Daniel Gussmann, quelles ont été les conséquences de ce virage de l’assurance complète vers les solutions semi-autonomes pour vous et votre équipe de l’Asset Management? 

En l’espace de douze mois, nous avons complètement restructuré un volume de placements totalisant 30 milliards de francs. Autant dire que nous n’avons pas chômé, mais ce fut passionnant. Les solutions semi-autonomes laissent nettement plus de latitude en matière de stratégie de placement, car elles n’ont plus à se fondre dans le strict carcan réglementaire imposé à l’assurance complète. Nous avons donc accès à de nouvelles opportunités de rendement à long terme pour les assurés. Nous avons ainsi pu relever nettement la part des actions, les actions constituant la catégorie d’actifs recelant le meilleur potentiel de rendement sur le long terme. À côté de cette restructuration du portefeuille, nous avons adapté nos processus et notre organisation. Nous nous sommes par exemple dotés d’une nouvelle équipe entièrement dédiée au suivi de la clientèle. 

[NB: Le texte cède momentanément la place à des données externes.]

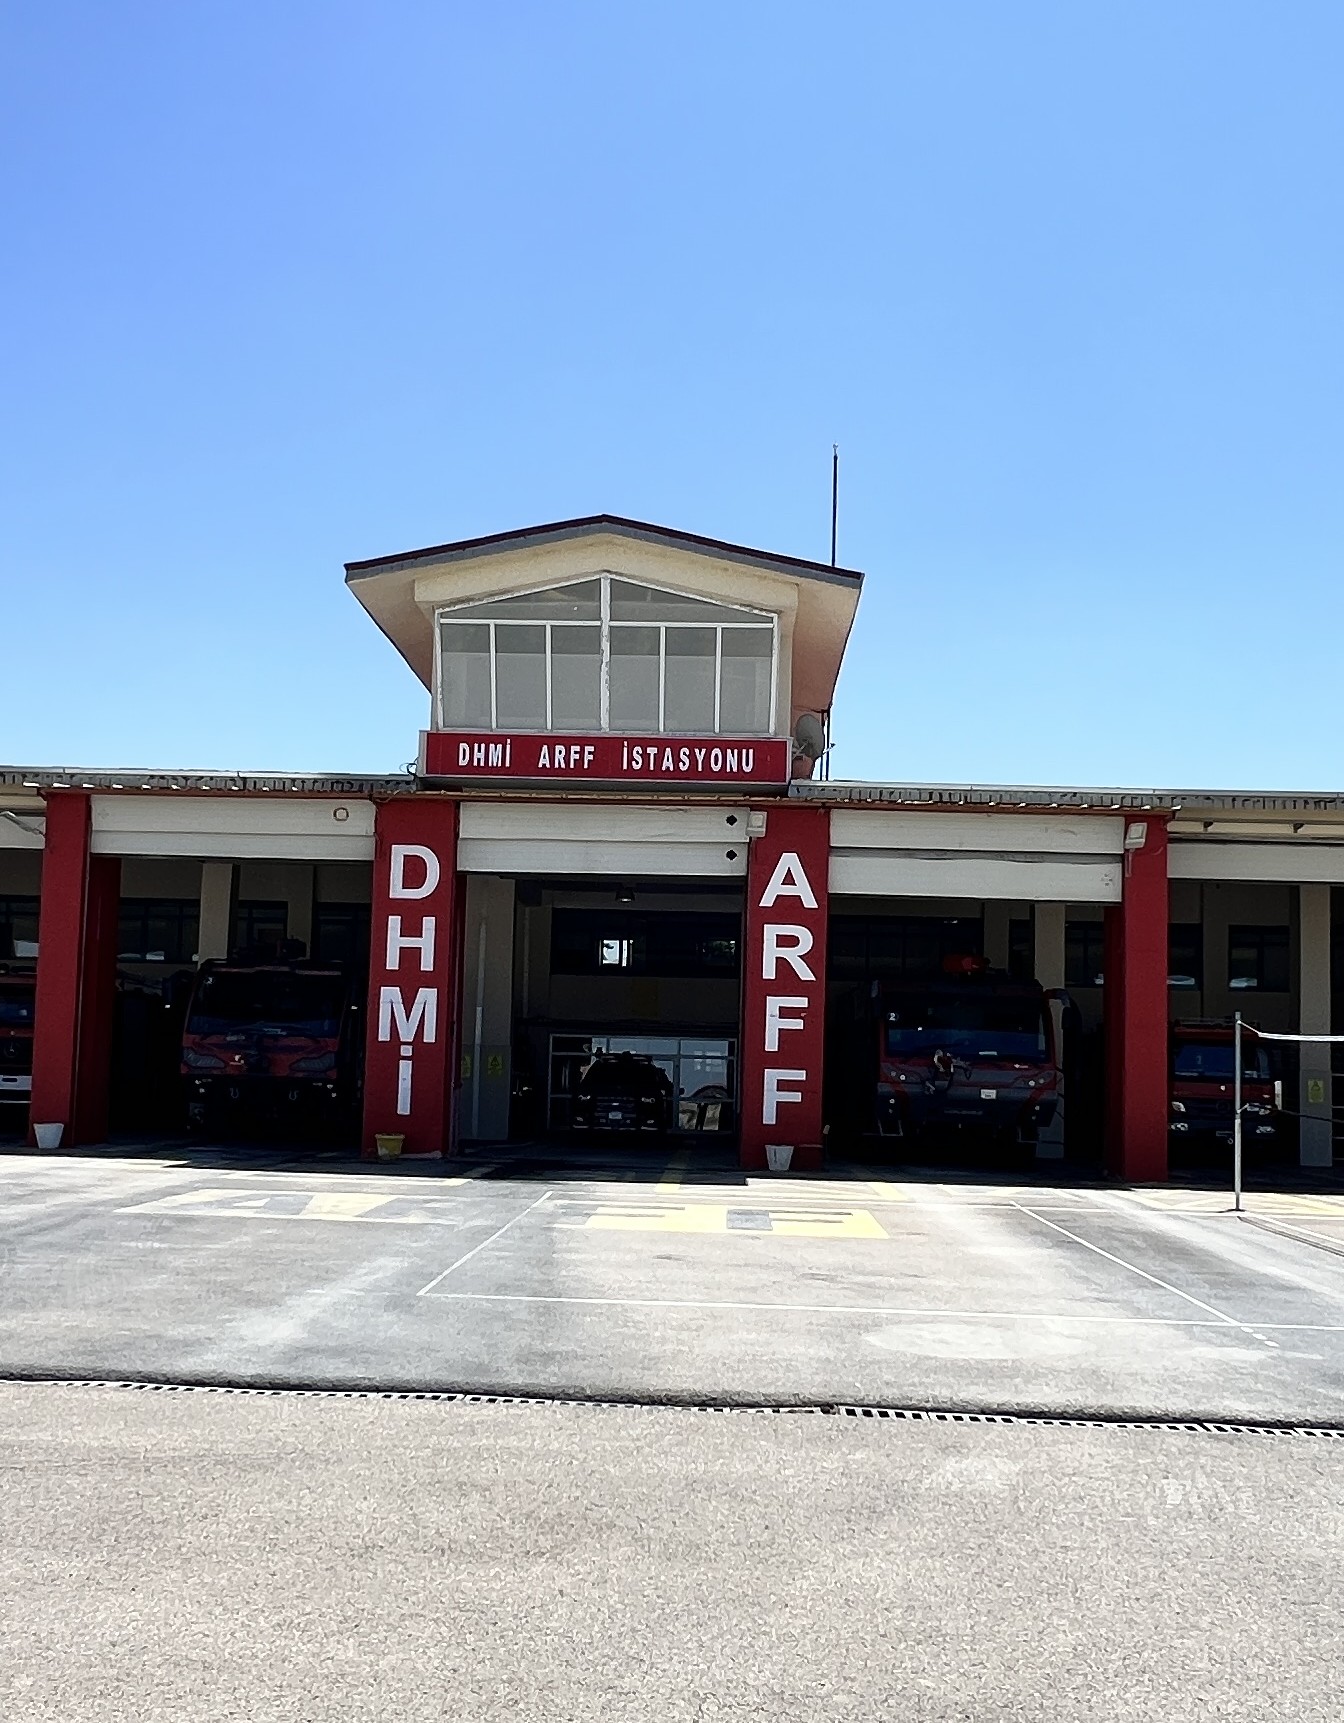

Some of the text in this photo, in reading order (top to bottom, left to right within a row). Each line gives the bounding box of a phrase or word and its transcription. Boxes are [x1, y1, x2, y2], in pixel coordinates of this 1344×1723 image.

[459, 739, 754, 773] DHMİ ARFF İSTASYONU
[758, 852, 818, 1125] ARFF

Qu’est-ce qui a motivé ce choix?

Auparavant, nous travaillions dans l’ombre, pour ainsi dire, car AXA supportait intégralement les risques de placement dans le cadre de l’assurance complète. Dans l’univers semi-autonome, ces risques sont supportés par les fondations collectives, et il est donc essentiel pour elles de savoir à qui elles accordent leur confiance. 

Quel bilan tirez-vous de cette première année post-transformation? 

2019 a été une excellente année. Grâce à la réorientation de nos fondations collectives, nos assurés ont bénéficié en 2019 d’une rémunération des avoirs de vieillesse de 3,5% en moyenne, ce qui est nettement supérieur à celle du marché et à ce qui aurait été possible dans le cadre de l’assurance complète.  

L’année 2019 a été faste sur les marchés boursiers. Mais la roue tourne, et l’heure est à la volatilité. Qu’en résulte-t-il pour les avoirs de prévoyance de vos assurés? 

Les fluctuations des marchés des capitaux, et en particulier des actions, sont des phénomènes récurrents. Nous diversifions fortement nos placements pour tenir compte des risques, ce qui a un effet stabilisateur sur la performance et sur le taux de couverture. Mais le calcul doit s’effectuer sur le long terme, et nos portefeuilles, tout comme les fondations collectives, sont parfaitement bien armés pour faire face à l’avenir et pour amortir ces fluctuations. C’est pourquoi nous sommes confiants pour l’avenir. 

«Nos portefeuilles sont parfaitement bien armés pour faire face à l’avenir.»

Concrètement, comment abordez-vous la situation actuelle sur les marchés financiers?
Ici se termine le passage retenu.